Records drawn from a dataset:

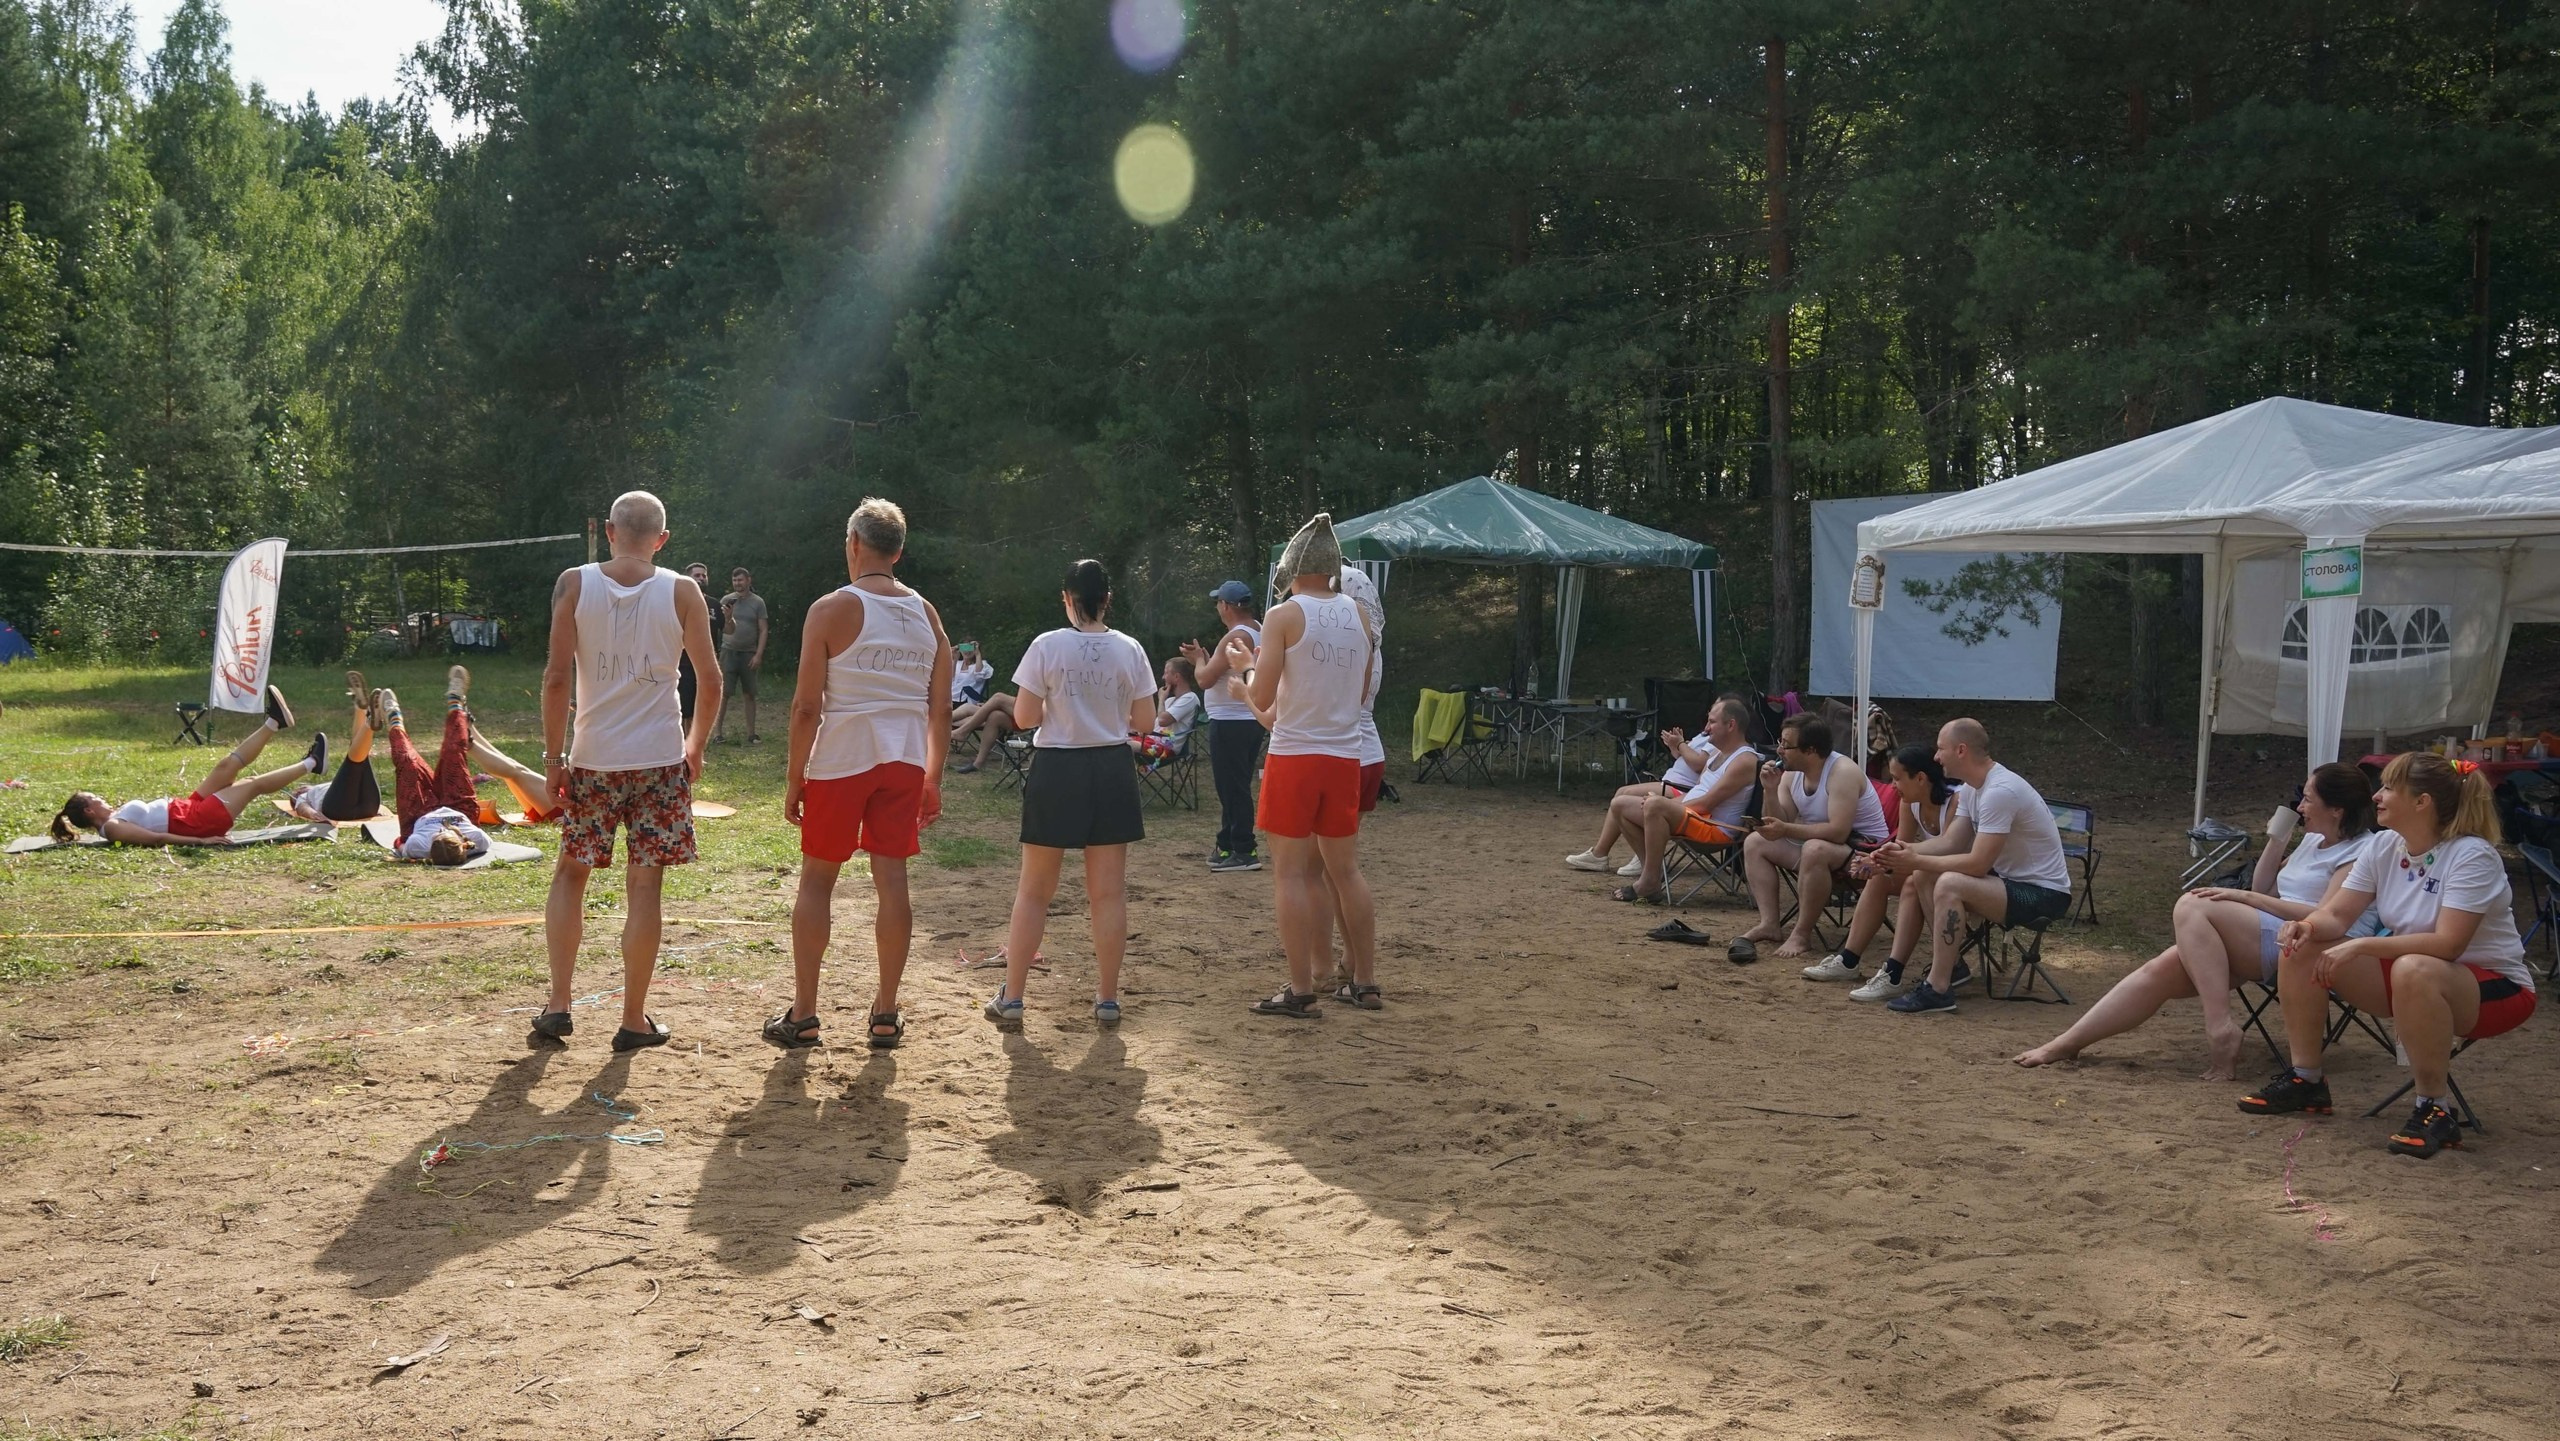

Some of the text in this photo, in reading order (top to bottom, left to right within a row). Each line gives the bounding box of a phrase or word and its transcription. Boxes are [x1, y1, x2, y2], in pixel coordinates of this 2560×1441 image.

[2303, 562, 2358, 577] СТОЛОВАЯ
[608, 598, 641, 644] 11
[888, 606, 910, 633] 7
[1078, 641, 1110, 662] 15
[1312, 641, 1357, 669] ОЛЕГ
[596, 652, 658, 686] ВЛАД

## Directions
Repeat the data word for word. Images are not part of the copy.

## Worked solution
Some of the text in this photo, in reading order (top to bottom, left to right within a row). Each line gives the bounding box of a phrase or word and its transcription. Boxes are [x1, y1, x2, y2], in pixel coordinates of this 2560×1441 image.

[2303, 562, 2358, 577] СТОЛОВАЯ
[608, 598, 641, 644] 11
[888, 606, 910, 633] 7
[1078, 641, 1110, 662] 15
[1312, 641, 1357, 669] ОЛЕГ
[596, 652, 658, 686] ВЛАД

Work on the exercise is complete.